Nel reportage, intitolato “La strage nascosta”, l’autore Sigfrido Ranucci intervista alcuni soldati americani e diversi abitanti della città, che confermano l’uso del
fosforo bianco e di altre armi proibite.
Impressionanti i contenuti del
video:
corpi bruciati,
letteralmente sciolti, ma incredibilmente ancora con gli indumenti intatti; un
bambino deformato dagli effetti delle sostanze tossiche;
immagini satellitari che fotografano una città demolita, completamente rasa al suolo.

Jeff Englehart, ex marine e veterano della guerra in Iraq, ha partecipato alla battaglia. “A Fallujah ho visto corpi di donne e bambini brutalmente uccisi. Il fosforo bianco esplode in forma di nube e chi si trova nel raggio di 150 metri è spacciato”, racconta.
Un uso completamente diverso da quello ufficialmente dichiarato da una nota del Dipartimento di Stato del dicembre 2004, secondo la quale il fosforo serviva ad illuminare le postazioni nemiche. Il suo ruolo è stato ben più rilevante, al punto da essere gettato indiscriminatamente sui quartieri della città.
L'ex marine continua: “Il fosforo bianco non lascia scampo.
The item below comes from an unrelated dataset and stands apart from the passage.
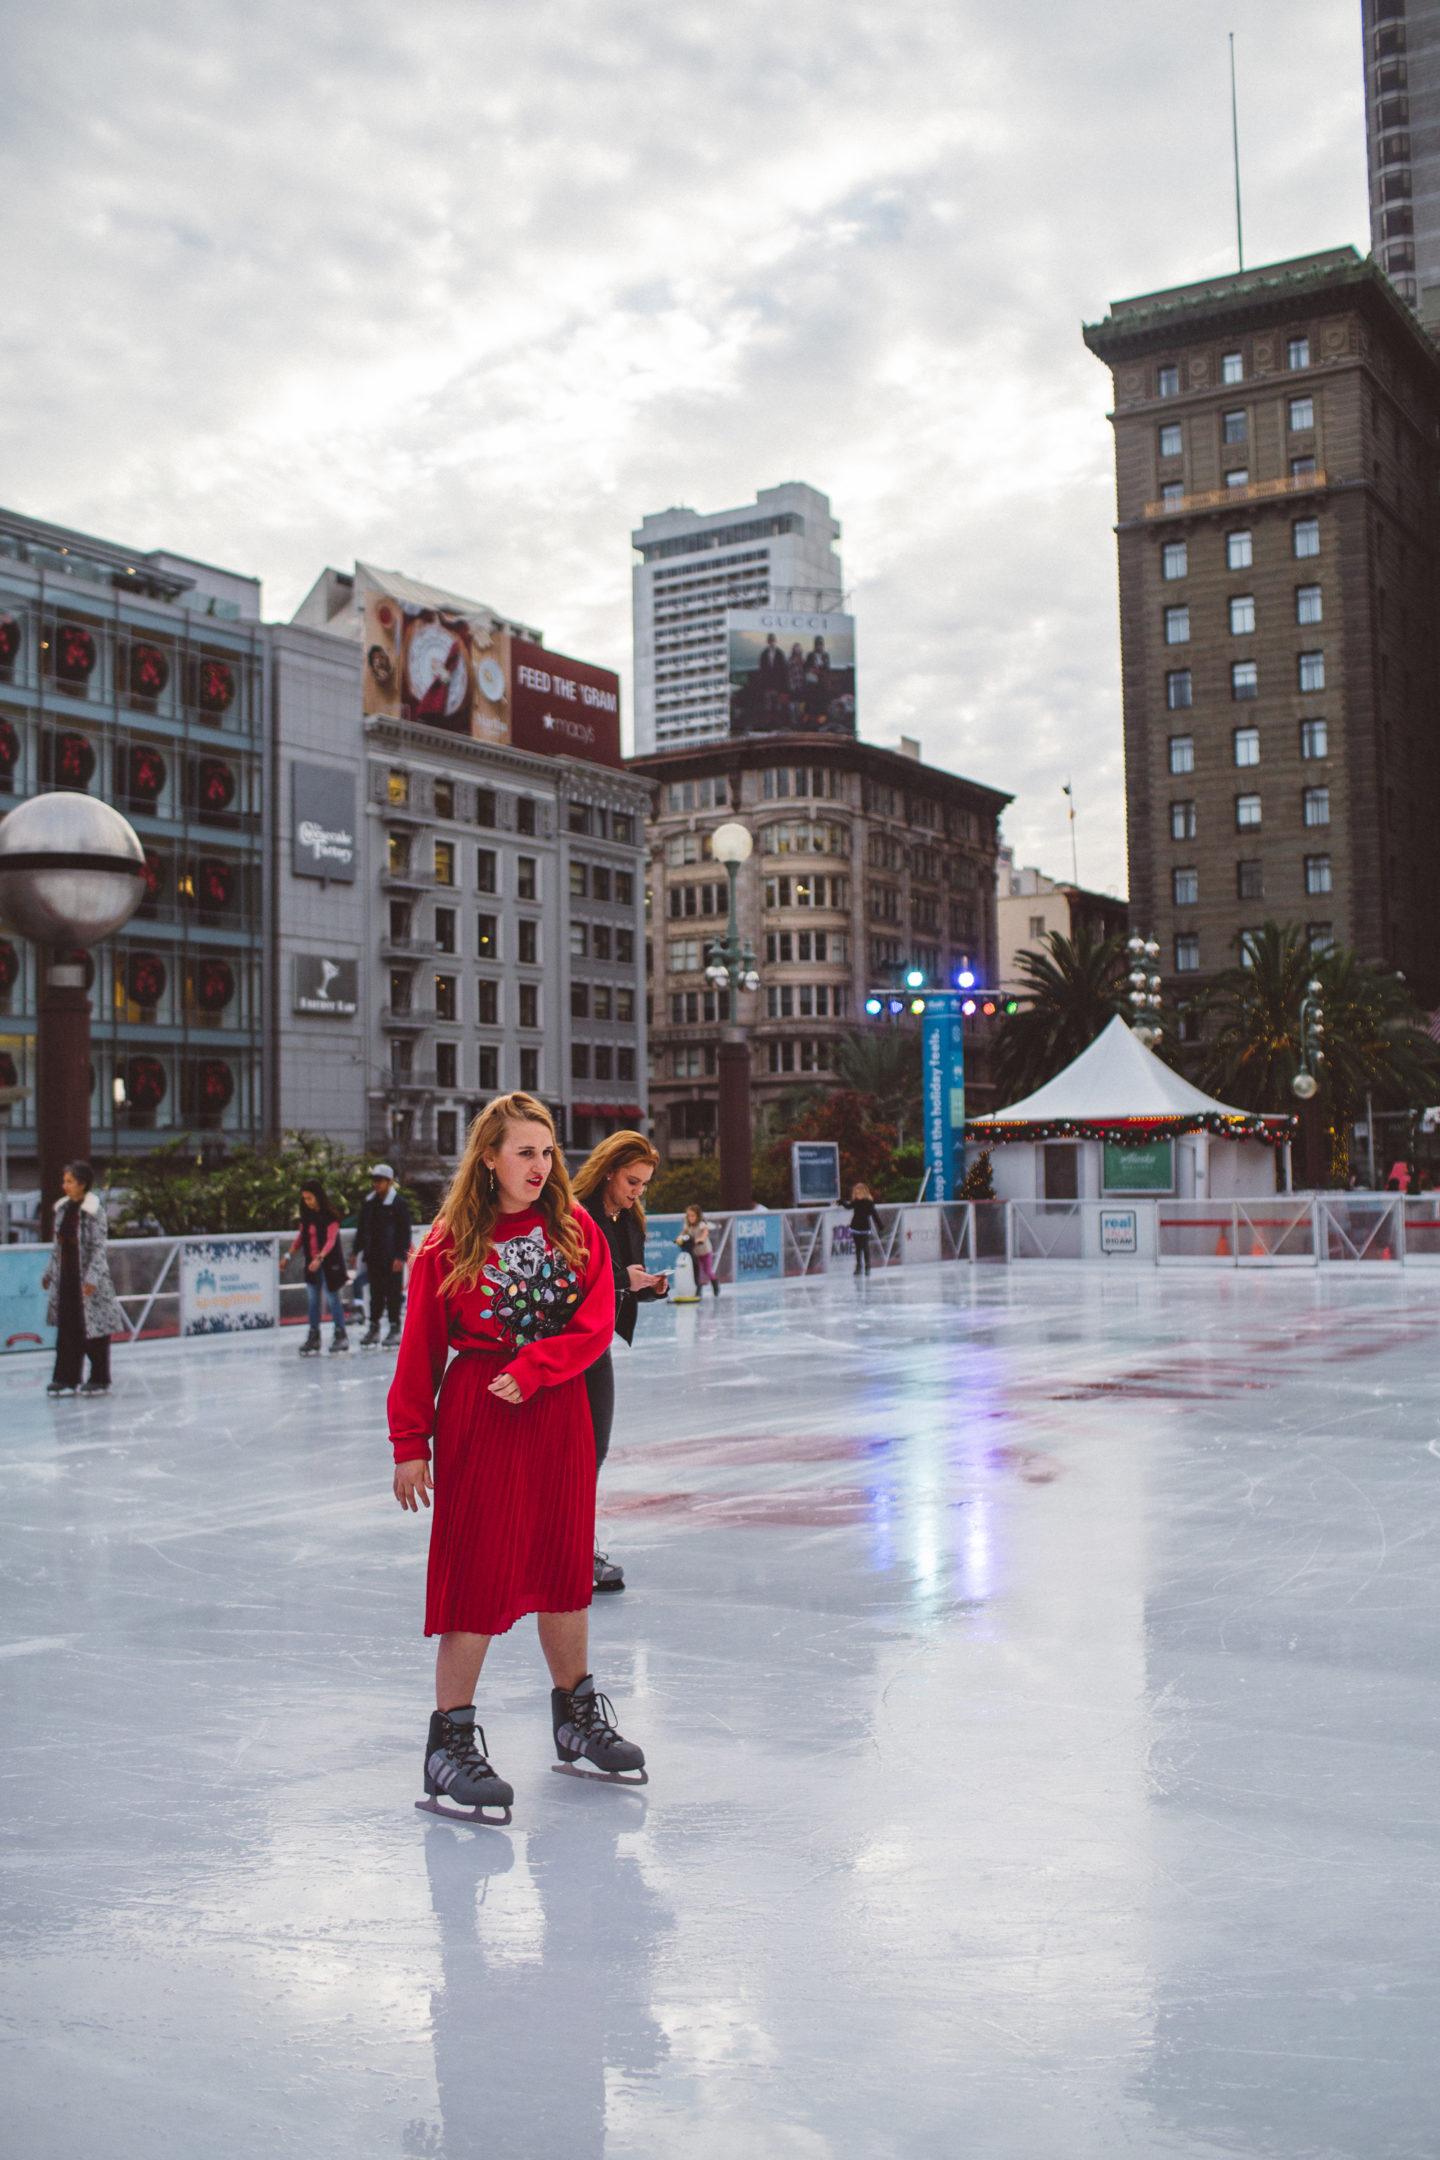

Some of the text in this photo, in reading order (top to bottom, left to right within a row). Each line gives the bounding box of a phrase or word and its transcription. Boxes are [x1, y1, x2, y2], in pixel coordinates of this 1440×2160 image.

Se colpisce un essere un umano lo consuma fino all’osso, ma non brucia i vestiti perché fa effetto solo sulle molecole che contengono acqua”.
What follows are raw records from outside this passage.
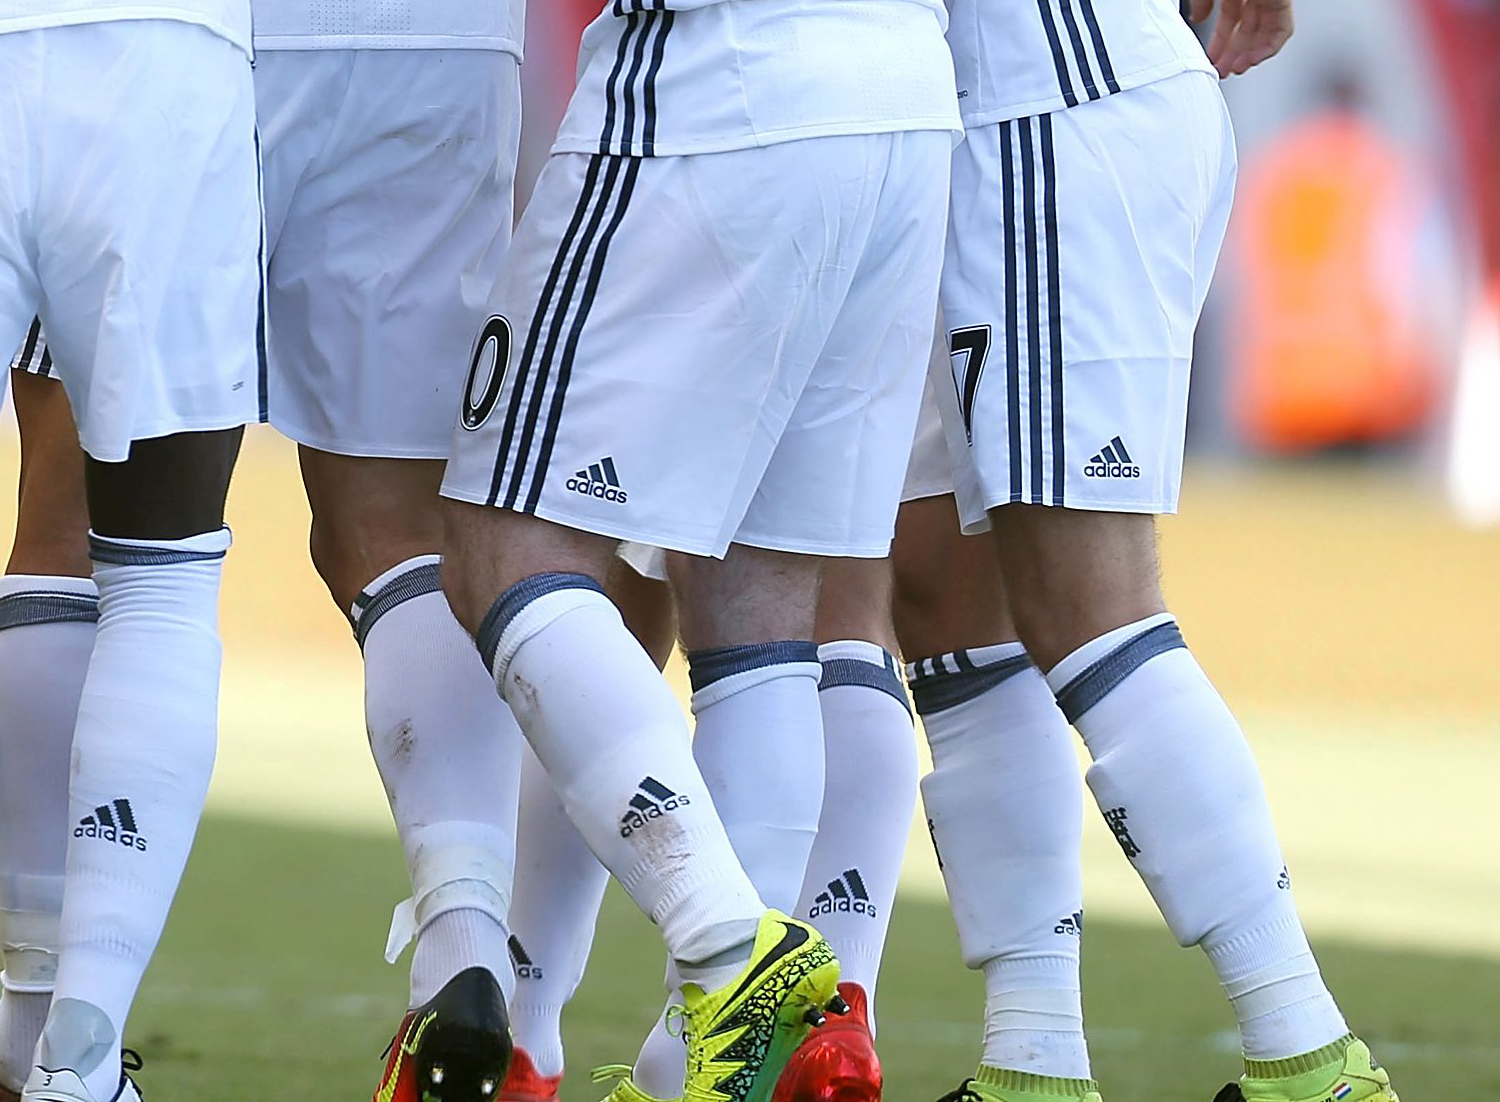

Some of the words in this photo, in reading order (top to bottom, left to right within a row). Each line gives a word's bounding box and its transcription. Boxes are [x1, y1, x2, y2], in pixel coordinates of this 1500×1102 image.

[1084, 462, 1141, 479] adidas
[566, 479, 628, 504] adidas
[620, 794, 691, 838] adidas
[73, 824, 147, 852] adidas
[809, 899, 877, 919] adidas
[42, 1074, 53, 1088] 3
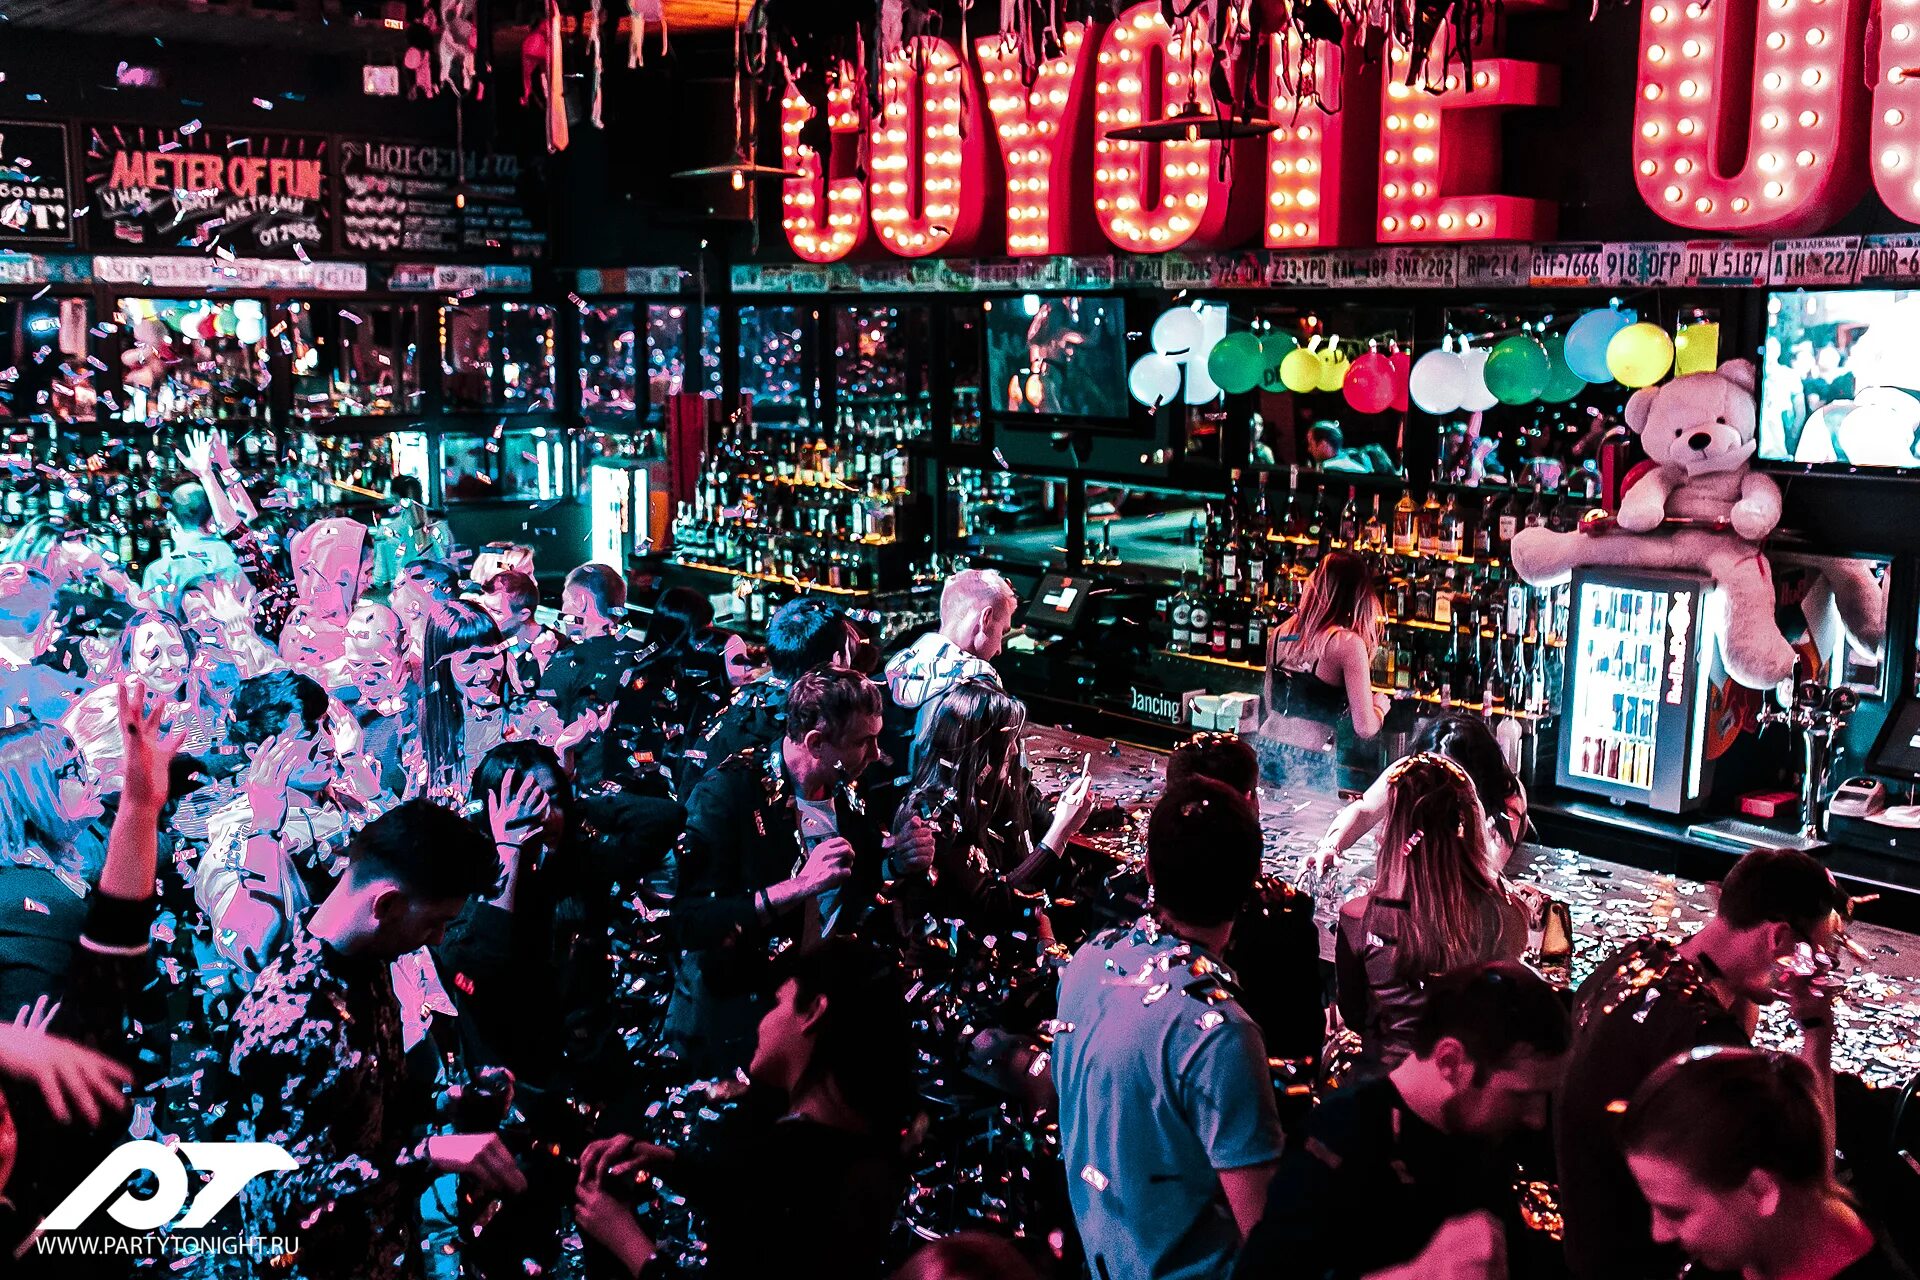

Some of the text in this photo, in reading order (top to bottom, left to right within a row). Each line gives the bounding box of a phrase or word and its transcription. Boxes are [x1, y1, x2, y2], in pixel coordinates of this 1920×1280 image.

[1633, 0, 1920, 229] U
[109, 150, 224, 191] METER
[227, 156, 267, 197] OF
[268, 158, 322, 200] FUN
[225, 194, 305, 223] МЕТРАМИ
[1606, 252, 1681, 278] 918 DFP
[1688, 251, 1763, 277] DLV 5187
[1823, 250, 1857, 276] 227
[1868, 248, 1899, 275] DDR
Nel video appare anche Mohamed Tarek al Derapi, direttore del Centro di Studi per i Diritti Umani e la Democrazia. Lui, che è di Fallujah, non solo denuncia l’uso del fosforo bianco, ma riferisce anche come, in maniera ambigua, i “tecnici” del settore lo classifichino come arma incendiaria e non chimica.
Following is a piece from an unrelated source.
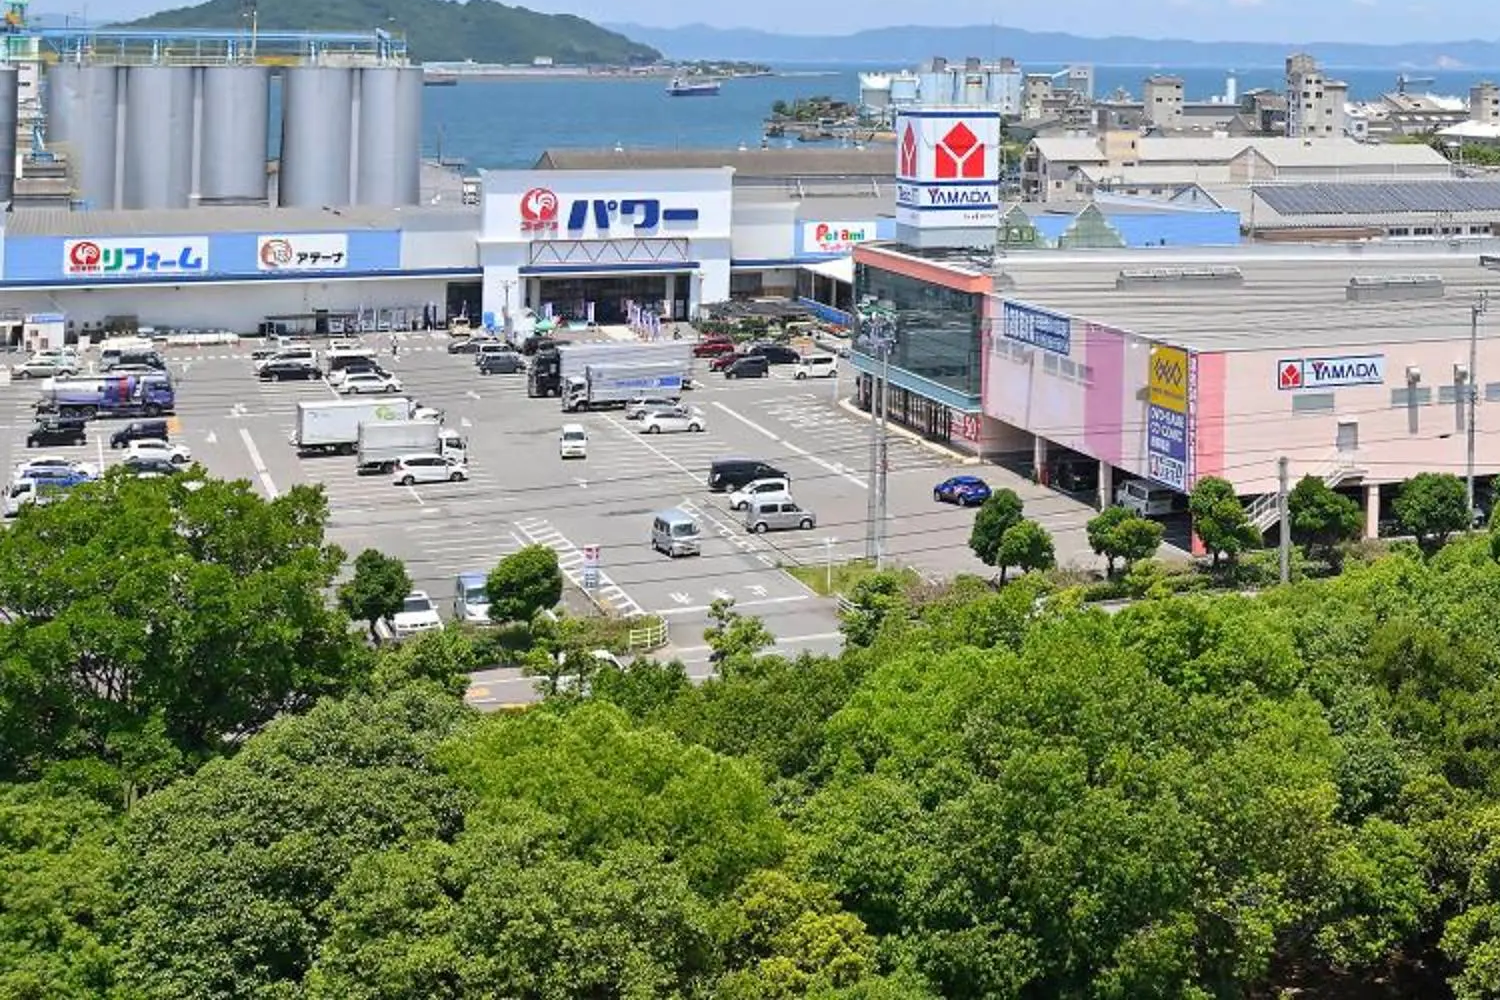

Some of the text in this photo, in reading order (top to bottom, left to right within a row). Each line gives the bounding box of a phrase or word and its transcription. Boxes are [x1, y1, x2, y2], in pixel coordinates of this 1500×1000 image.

[927, 188, 991, 203] YAMADA
[568, 199, 699, 230] パワー
[103, 247, 202, 271] リフォーム
[1312, 362, 1379, 380] YAMADA
L’uso di MK77 fa da tocco finale al tutto. È in pratica una nuova versione del Napalm, di diversa composizione ma con effetti identici. E fa riflettere il fatto che sia l’uso di sostanze incendiarie che l’uso di sostanze chimiche sono vietati da convenzioni che gli Stati Uniti hanno firmato e alle quali hanno aderito.